PETALING JAYA: Australian-listed Lendlease, which is participating in a RM9bil mixed integrated development at the Tun Razak Exchange (TRX) project in Kuala Lumpur, is in talks with several developers to jointly develop other large-scale projects in the country.
Lendlease Malaysia chairman Dinesh Nambiar said with financing for the TRX project now secured, the group could focus on other developments.
“We’ve had a number of approaches from developers with sites which we are evaluating,” he said at a recent precinct launch and development financing signing ceremony.
“The plan is for Lendlease to secure new projects which will be of scale and continue to grow the business in Malaysia.”
Last Tuesday, joint-venture (JV) partners Lendlease and TRX City Sdn Bhd (TRXC) secured a RM2.15bil financing facility for The Exchange TRX.
The financing facility was secured from the consortium of HSBC, Maybank, Standard Chartered and Sumitomo Mitsui Banking Corp. The Exchange TRX is a mixed integrated development and is a 60:40 JV between Lendlease and TRXC.
The 17-acre development comprises residential, office, entertainment and leisure, a public park, hotel and retail components.
Dinesh said Lendlease was attracted to the prime location of the development.
“Lendlease has been investing in Malaysia since 2009. TRX, with its location, has been a terrific site for us to acquire and develop.
“Now that we have secured financing and work is underway, we’re exploring other opportunities,” he said.
Lendlease’s previous projects in Malaysia include Petronas Twin Towers, Platinum Park development and Bank Negara’s Sasana Kijang and Lanai Kijang buildings in Kuala Lumpur; Alamanda Shopping Centre in Putrajaya; Setia City Mall in Shah Alam; and Pinewood Iskandar Malaysia Studios in Johor.
Lendlease Asia chief executive officer Tony Lombardo said the group saw good growth opportunities in Malaysia.
“This (TRX) is a project that Lendlease has been focusing on since 2013. We’ve had a strong interest in Malaysia and Kuala Lumpur is one of the key cities that we want to grow our platform. Our investment in TRX is one of the largest on our group’s balance sheet today.
“We’re investing RM2.1bil over the project’s life and it’s great to have the backing of the banks. The government, meanwhile, is committing RM1.2bil.
“We were attracted to it because of the connectivity. The infrastructure that’s gone in were some of the critical things, but the defining thing for us is the 10-acre park,” he said.

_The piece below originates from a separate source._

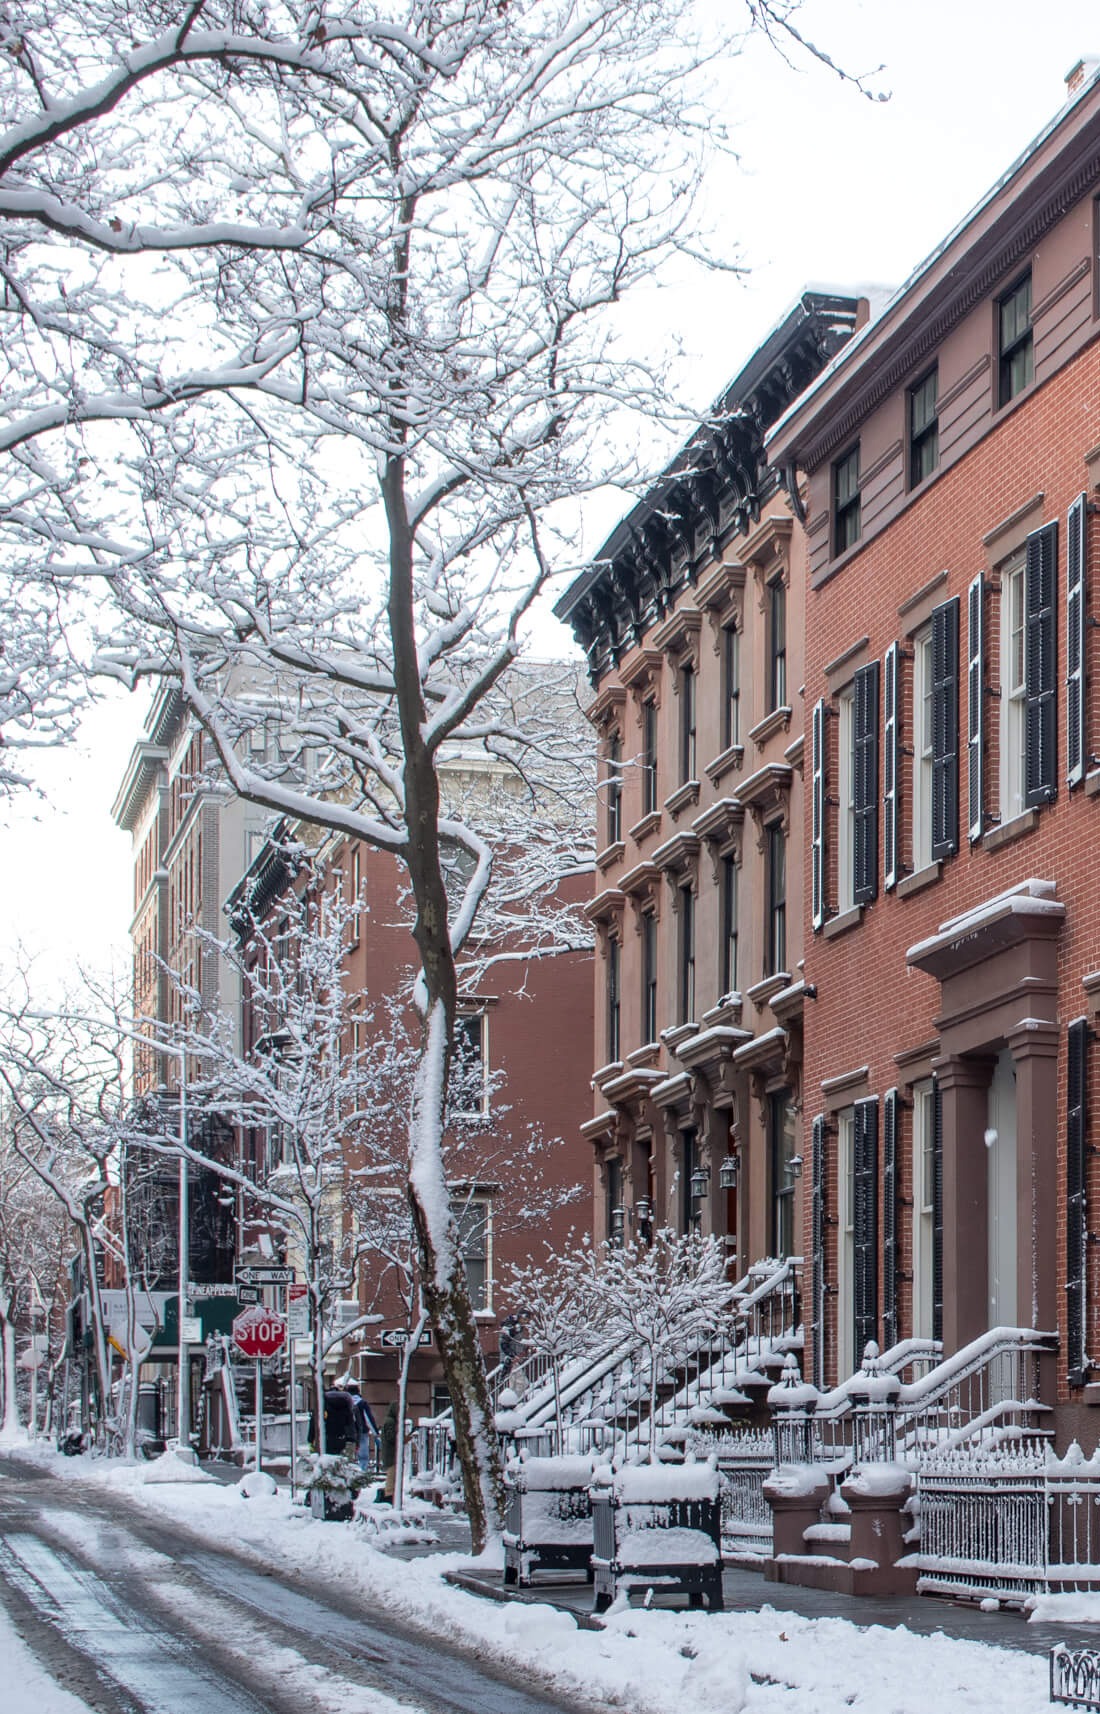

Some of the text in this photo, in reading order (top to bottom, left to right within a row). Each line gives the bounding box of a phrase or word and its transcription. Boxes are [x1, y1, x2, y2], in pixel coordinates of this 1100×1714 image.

[242, 1271, 290, 1280] ONE WAY
[236, 1322, 283, 1342] STOP
[390, 1334, 404, 1342] ONE

Lombardo is optimistic that the retail component of The Exchange TRX will do well in spite of the current retail market glut.
“When you look at Malaysia, there are some malls that are struggling. But retail’s changing. People come for the experience and our mall will offer the latest generation in products.”
According to the Malaysian Shopping Malls Association’s (PPK Malaysia) recent Malaysia Shopping Mall Industry Survey 2018, there are currently 671 malls with a net lettable area ranging from a minimum of 50,000 sq ft to 2.2 million sq ft.
The survey, which comprised 47 respondent malls, revealed that the average occupancy rate stood at 92%, with an average monthly gross rental rate of RM7.87 per sq ft.
Retail Group Malaysia in its recent report said it expected a 4.5% growth in retail sales for 2019.
The Exchange TRX’s retail component will be completed in 2021.
TRXC is the master developer of TRX. Because TRXC is a wholly-owned subsidiary of the Finance Ministry, this means the government owns 40% of The Exchange TRX.
The TRX project has come under heavy scrutiny due to its association with scandal-ridden 1Malaysia Development Bhd (1MDB).
Finance Minister Lim Guan Eng said the willingness of the four financial institutions to provide financing facilities for the project demonstrated how far TRX had progressed since the new government came into power.
“We are slowly, but surely, exorcising the ghosts of 1MDB, which has tainted Malaysia and allowed us, once again, to be touted as the destination for both business and investment,” he said.
When the Pakatan Harapan government came into power in May last year, among the ongoing mega projects that came under scrutiny was the TRX. Not only was it linked to 1MDB, the ongoing property glut also raised concerns on whether the development was even viable.
Given how the project was already quite advanced in its development stage and a lot of money had already been pumped in, the government chose not to scrap it.
To date, seven plots of land in TRX totalling RM2.88bil have been sold. 1MDB acquired the TRX land from the federal government for RM302.38mil in 2010.
With an estimated gross development value of RM40bil, the TRX development will have about 30 buildings located on 70 acres of prime land in Kuala Lumpur.
The entire TRX project is slated for completion by 2024.